Type out the data again, word for word and in full.

## LISTED RECORDS

--------------------------------

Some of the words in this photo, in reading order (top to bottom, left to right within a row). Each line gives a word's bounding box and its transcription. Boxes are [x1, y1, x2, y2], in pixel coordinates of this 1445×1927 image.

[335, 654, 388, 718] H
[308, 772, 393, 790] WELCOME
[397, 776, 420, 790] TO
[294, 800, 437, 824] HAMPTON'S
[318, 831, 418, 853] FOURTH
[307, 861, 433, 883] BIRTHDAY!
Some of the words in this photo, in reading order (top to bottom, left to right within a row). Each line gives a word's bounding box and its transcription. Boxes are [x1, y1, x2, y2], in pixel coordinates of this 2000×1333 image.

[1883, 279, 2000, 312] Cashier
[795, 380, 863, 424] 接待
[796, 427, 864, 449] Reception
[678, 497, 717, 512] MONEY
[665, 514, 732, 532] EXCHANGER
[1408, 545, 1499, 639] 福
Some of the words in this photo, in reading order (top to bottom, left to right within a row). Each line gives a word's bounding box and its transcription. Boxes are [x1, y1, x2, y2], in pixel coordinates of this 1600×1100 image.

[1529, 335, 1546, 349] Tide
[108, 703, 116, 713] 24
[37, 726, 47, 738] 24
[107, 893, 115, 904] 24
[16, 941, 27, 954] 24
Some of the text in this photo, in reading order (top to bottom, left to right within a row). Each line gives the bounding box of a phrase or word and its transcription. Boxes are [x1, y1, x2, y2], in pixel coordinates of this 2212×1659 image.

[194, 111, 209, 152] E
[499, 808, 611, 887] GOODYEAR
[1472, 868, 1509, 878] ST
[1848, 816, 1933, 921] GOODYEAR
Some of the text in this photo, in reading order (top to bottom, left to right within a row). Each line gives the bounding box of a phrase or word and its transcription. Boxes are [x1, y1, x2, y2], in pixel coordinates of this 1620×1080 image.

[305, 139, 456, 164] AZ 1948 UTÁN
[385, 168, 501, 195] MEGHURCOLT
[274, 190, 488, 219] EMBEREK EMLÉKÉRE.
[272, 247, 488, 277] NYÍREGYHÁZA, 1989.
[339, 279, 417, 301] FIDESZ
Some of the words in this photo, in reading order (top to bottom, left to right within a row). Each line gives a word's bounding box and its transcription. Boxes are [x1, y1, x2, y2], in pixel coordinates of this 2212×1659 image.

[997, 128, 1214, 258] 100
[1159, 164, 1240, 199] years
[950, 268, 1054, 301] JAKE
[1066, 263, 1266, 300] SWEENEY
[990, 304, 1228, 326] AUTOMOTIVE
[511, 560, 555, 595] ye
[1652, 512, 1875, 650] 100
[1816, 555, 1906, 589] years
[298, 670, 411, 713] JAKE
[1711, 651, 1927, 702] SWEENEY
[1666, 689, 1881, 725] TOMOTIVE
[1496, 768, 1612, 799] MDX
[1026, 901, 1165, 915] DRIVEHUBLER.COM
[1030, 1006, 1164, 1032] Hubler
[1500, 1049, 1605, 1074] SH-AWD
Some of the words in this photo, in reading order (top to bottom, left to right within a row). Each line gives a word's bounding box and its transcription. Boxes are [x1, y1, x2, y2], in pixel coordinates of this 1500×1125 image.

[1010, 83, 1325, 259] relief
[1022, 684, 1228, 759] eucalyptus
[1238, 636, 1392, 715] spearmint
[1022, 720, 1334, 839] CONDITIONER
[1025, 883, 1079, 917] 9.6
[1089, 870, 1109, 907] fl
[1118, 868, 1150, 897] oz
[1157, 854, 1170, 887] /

--------------------------------

## WRITTEN SOLUTION
Some of the words in this photo, in reading order (top to bottom, left to right within a row). Each line gives a word's bounding box and its transcription. Boxes are [x1, y1, x2, y2], in pixel coordinates of this 1445×1927 image.

[335, 654, 388, 718] H
[308, 772, 393, 790] WELCOME
[397, 776, 420, 790] TO
[294, 800, 437, 824] HAMPTON'S
[318, 831, 418, 853] FOURTH
[307, 861, 433, 883] BIRTHDAY!
Some of the words in this photo, in reading order (top to bottom, left to right within a row). Each line gives a word's bounding box and its transcription. Boxes are [x1, y1, x2, y2], in pixel coordinates of this 2000×1333 image.

[1883, 279, 2000, 312] Cashier
[795, 380, 863, 424] 接待
[796, 427, 864, 449] Reception
[678, 497, 717, 512] MONEY
[665, 514, 732, 532] EXCHANGER
[1408, 545, 1499, 639] 福
Some of the words in this photo, in reading order (top to bottom, left to right within a row). Each line gives a word's bounding box and its transcription. Boxes are [x1, y1, x2, y2], in pixel coordinates of this 1600×1100 image.

[1529, 335, 1546, 349] Tide
[108, 703, 116, 713] 24
[37, 726, 47, 738] 24
[107, 893, 115, 904] 24
[16, 941, 27, 954] 24
Some of the text in this photo, in reading order (top to bottom, left to right within a row). Each line gives the bounding box of a phrase or word and its transcription. Boxes are [x1, y1, x2, y2], in pixel coordinates of this 2212×1659 image.

[194, 111, 209, 152] E
[499, 808, 611, 887] GOODYEAR
[1472, 868, 1509, 878] ST
[1848, 816, 1933, 921] GOODYEAR
Some of the text in this photo, in reading order (top to bottom, left to right within a row). Each line gives the bounding box of a phrase or word and its transcription. Boxes are [x1, y1, x2, y2], in pixel coordinates of this 1620×1080 image.

[305, 139, 456, 164] AZ 1948 UTÁN
[385, 168, 501, 195] MEGHURCOLT
[274, 190, 488, 219] EMBEREK EMLÉKÉRE.
[272, 247, 488, 277] NYÍREGYHÁZA, 1989.
[339, 279, 417, 301] FIDESZ
Some of the words in this photo, in reading order (top to bottom, left to right within a row). Each line gives a word's bounding box and its transcription. Boxes are [x1, y1, x2, y2], in pixel coordinates of this 2212×1659 image.

[997, 128, 1214, 258] 100
[1159, 164, 1240, 199] years
[950, 268, 1054, 301] JAKE
[1066, 263, 1266, 300] SWEENEY
[990, 304, 1228, 326] AUTOMOTIVE
[511, 560, 555, 595] ye
[1652, 512, 1875, 650] 100
[1816, 555, 1906, 589] years
[298, 670, 411, 713] JAKE
[1711, 651, 1927, 702] SWEENEY
[1666, 689, 1881, 725] TOMOTIVE
[1496, 768, 1612, 799] MDX
[1026, 901, 1165, 915] DRIVEHUBLER.COM
[1030, 1006, 1164, 1032] Hubler
[1500, 1049, 1605, 1074] SH-AWD
Some of the words in this photo, in reading order (top to bottom, left to right within a row). Each line gives a word's bounding box and its transcription. Boxes are [x1, y1, x2, y2], in pixel coordinates of this 1500×1125 image.

[1010, 83, 1325, 259] relief
[1022, 684, 1228, 759] eucalyptus
[1238, 636, 1392, 715] spearmint
[1022, 720, 1334, 839] CONDITIONER
[1025, 883, 1079, 917] 9.6
[1089, 870, 1109, 907] fl
[1118, 868, 1150, 897] oz
[1157, 854, 1170, 887] /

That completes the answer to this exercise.